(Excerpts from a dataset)
· · · · ·
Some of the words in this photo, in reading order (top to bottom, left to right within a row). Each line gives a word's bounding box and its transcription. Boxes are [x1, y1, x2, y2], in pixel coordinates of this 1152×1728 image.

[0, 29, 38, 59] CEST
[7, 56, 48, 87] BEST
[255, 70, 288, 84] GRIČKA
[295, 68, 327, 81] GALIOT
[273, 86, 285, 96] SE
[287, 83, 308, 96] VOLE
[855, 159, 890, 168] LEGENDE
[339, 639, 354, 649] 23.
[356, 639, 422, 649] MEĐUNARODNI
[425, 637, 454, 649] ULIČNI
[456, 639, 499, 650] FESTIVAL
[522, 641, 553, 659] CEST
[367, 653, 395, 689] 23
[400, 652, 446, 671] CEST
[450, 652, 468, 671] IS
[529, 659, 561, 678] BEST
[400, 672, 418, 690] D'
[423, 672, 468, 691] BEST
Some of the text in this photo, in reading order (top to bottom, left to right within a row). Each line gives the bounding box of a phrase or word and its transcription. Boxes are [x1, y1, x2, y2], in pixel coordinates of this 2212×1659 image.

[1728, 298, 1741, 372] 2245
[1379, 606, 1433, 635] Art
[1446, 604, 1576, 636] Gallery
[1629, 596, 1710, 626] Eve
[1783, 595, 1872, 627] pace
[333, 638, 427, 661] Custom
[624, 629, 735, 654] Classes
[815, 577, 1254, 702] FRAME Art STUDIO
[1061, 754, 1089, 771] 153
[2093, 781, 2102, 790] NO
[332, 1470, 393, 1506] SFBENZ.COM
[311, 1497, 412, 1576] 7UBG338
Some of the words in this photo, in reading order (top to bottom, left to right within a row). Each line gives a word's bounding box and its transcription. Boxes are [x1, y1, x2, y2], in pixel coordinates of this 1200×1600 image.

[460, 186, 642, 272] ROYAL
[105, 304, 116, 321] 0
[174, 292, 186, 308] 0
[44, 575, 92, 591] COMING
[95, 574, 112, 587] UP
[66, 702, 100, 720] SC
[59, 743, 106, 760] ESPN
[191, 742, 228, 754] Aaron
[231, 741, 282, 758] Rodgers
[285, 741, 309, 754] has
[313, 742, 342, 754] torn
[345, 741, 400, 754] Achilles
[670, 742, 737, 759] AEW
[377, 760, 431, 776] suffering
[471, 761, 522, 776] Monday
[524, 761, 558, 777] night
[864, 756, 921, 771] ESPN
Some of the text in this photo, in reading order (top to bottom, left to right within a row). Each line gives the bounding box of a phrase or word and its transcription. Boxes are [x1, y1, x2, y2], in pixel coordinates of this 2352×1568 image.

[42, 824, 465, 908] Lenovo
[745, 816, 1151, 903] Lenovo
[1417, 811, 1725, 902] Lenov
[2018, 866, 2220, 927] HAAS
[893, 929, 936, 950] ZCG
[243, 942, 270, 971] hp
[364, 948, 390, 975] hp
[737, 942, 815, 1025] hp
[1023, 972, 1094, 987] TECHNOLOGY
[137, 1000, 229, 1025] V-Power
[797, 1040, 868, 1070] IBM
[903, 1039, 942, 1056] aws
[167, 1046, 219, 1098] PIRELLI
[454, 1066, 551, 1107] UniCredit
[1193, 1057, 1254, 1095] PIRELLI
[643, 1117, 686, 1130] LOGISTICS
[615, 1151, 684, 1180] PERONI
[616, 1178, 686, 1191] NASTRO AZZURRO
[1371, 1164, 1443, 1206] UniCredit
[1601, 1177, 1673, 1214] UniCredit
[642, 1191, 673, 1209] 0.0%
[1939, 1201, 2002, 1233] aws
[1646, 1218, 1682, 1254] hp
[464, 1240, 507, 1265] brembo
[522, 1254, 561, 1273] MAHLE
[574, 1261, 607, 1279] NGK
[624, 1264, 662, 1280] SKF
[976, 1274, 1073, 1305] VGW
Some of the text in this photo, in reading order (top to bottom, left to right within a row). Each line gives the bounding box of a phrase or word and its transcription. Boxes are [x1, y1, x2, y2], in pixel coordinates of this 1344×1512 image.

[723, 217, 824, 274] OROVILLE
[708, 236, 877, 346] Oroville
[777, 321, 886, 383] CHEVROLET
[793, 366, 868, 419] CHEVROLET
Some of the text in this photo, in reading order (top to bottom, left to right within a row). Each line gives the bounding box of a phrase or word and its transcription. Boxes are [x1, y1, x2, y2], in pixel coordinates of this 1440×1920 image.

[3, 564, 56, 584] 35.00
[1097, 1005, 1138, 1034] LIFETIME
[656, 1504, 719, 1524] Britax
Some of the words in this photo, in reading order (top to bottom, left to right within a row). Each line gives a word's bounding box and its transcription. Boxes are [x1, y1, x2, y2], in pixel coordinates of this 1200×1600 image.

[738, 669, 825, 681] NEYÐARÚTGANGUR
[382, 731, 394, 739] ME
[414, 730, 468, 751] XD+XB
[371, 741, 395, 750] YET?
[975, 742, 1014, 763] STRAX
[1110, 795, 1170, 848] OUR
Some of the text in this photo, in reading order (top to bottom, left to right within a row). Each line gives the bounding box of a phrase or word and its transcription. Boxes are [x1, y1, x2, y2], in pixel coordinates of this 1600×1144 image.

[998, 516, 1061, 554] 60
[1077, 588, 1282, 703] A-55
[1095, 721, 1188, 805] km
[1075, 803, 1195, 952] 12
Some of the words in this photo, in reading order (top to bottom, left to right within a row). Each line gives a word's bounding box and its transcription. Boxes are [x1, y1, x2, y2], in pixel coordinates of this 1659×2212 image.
· · · · ·
(To do) Render the whole set of entries again, exactly as given.

(Response area)
Some of the words in this photo, in reading order (top to bottom, left to right within a row). Each line gives a word's bounding box and its transcription. Boxes are [x1, y1, x2, y2], in pixel coordinates of this 1152×1728 image.

[0, 29, 38, 59] CEST
[7, 56, 48, 87] BEST
[255, 70, 288, 84] GRIČKA
[295, 68, 327, 81] GALIOT
[273, 86, 285, 96] SE
[287, 83, 308, 96] VOLE
[855, 159, 890, 168] LEGENDE
[339, 639, 354, 649] 23.
[356, 639, 422, 649] MEĐUNARODNI
[425, 637, 454, 649] ULIČNI
[456, 639, 499, 650] FESTIVAL
[522, 641, 553, 659] CEST
[367, 653, 395, 689] 23
[400, 652, 446, 671] CEST
[450, 652, 468, 671] IS
[529, 659, 561, 678] BEST
[400, 672, 418, 690] D'
[423, 672, 468, 691] BEST
Some of the text in this photo, in reading order (top to bottom, left to right within a row). Each line gives the bounding box of a phrase or word and its transcription. Boxes are [x1, y1, x2, y2], in pixel coordinates of this 2212×1659 image.

[1728, 298, 1741, 372] 2245
[1379, 606, 1433, 635] Art
[1446, 604, 1576, 636] Gallery
[1629, 596, 1710, 626] Eve
[1783, 595, 1872, 627] pace
[333, 638, 427, 661] Custom
[624, 629, 735, 654] Classes
[815, 577, 1254, 702] FRAME Art STUDIO
[1061, 754, 1089, 771] 153
[2093, 781, 2102, 790] NO
[332, 1470, 393, 1506] SFBENZ.COM
[311, 1497, 412, 1576] 7UBG338
Some of the words in this photo, in reading order (top to bottom, left to right within a row). Each line gives a word's bounding box and its transcription. Boxes are [x1, y1, x2, y2], in pixel coordinates of this 1200×1600 image.

[460, 186, 642, 272] ROYAL
[105, 304, 116, 321] 0
[174, 292, 186, 308] 0
[44, 575, 92, 591] COMING
[95, 574, 112, 587] UP
[66, 702, 100, 720] SC
[59, 743, 106, 760] ESPN
[191, 742, 228, 754] Aaron
[231, 741, 282, 758] Rodgers
[285, 741, 309, 754] has
[313, 742, 342, 754] torn
[345, 741, 400, 754] Achilles
[670, 742, 737, 759] AEW
[377, 760, 431, 776] suffering
[471, 761, 522, 776] Monday
[524, 761, 558, 777] night
[864, 756, 921, 771] ESPN
Some of the text in this photo, in reading order (top to bottom, left to right within a row). Each line gives the bounding box of a phrase or word and its transcription. Boxes are [x1, y1, x2, y2], in pixel coordinates of this 2352×1568 image.

[42, 824, 465, 908] Lenovo
[745, 816, 1151, 903] Lenovo
[1417, 811, 1725, 902] Lenov
[2018, 866, 2220, 927] HAAS
[893, 929, 936, 950] ZCG
[243, 942, 270, 971] hp
[364, 948, 390, 975] hp
[737, 942, 815, 1025] hp
[1023, 972, 1094, 987] TECHNOLOGY
[137, 1000, 229, 1025] V-Power
[797, 1040, 868, 1070] IBM
[903, 1039, 942, 1056] aws
[167, 1046, 219, 1098] PIRELLI
[454, 1066, 551, 1107] UniCredit
[1193, 1057, 1254, 1095] PIRELLI
[643, 1117, 686, 1130] LOGISTICS
[615, 1151, 684, 1180] PERONI
[616, 1178, 686, 1191] NASTRO AZZURRO
[1371, 1164, 1443, 1206] UniCredit
[1601, 1177, 1673, 1214] UniCredit
[642, 1191, 673, 1209] 0.0%
[1939, 1201, 2002, 1233] aws
[1646, 1218, 1682, 1254] hp
[464, 1240, 507, 1265] brembo
[522, 1254, 561, 1273] MAHLE
[574, 1261, 607, 1279] NGK
[624, 1264, 662, 1280] SKF
[976, 1274, 1073, 1305] VGW
Some of the text in this photo, in reading order (top to bottom, left to right within a row). Each line gives the bounding box of a phrase or word and its transcription. Boxes are [x1, y1, x2, y2], in pixel coordinates of this 1344×1512 image.

[723, 217, 824, 274] OROVILLE
[708, 236, 877, 346] Oroville
[777, 321, 886, 383] CHEVROLET
[793, 366, 868, 419] CHEVROLET
Some of the text in this photo, in reading order (top to bottom, left to right within a row). Each line gives the bounding box of a phrase or word and its transcription. Boxes are [x1, y1, x2, y2], in pixel coordinates of this 1440×1920 image.

[3, 564, 56, 584] 35.00
[1097, 1005, 1138, 1034] LIFETIME
[656, 1504, 719, 1524] Britax
Some of the words in this photo, in reading order (top to bottom, left to right within a row). Each line gives a word's bounding box and its transcription. Boxes are [x1, y1, x2, y2], in pixel coordinates of this 1200×1600 image.

[738, 669, 825, 681] NEYÐARÚTGANGUR
[382, 731, 394, 739] ME
[414, 730, 468, 751] XD+XB
[371, 741, 395, 750] YET?
[975, 742, 1014, 763] STRAX
[1110, 795, 1170, 848] OUR
Some of the text in this photo, in reading order (top to bottom, left to right within a row). Each line gives the bounding box of a phrase or word and its transcription. Boxes are [x1, y1, x2, y2], in pixel coordinates of this 1600×1144 image.

[998, 516, 1061, 554] 60
[1077, 588, 1282, 703] A-55
[1095, 721, 1188, 805] km
[1075, 803, 1195, 952] 12
Some of the words in this photo, in reading order (top to bottom, left to right within a row). Each line gives a word's bounding box and its transcription. Boxes are [x1, y1, x2, y2], in pixel coordinates of this 1659×2212 image.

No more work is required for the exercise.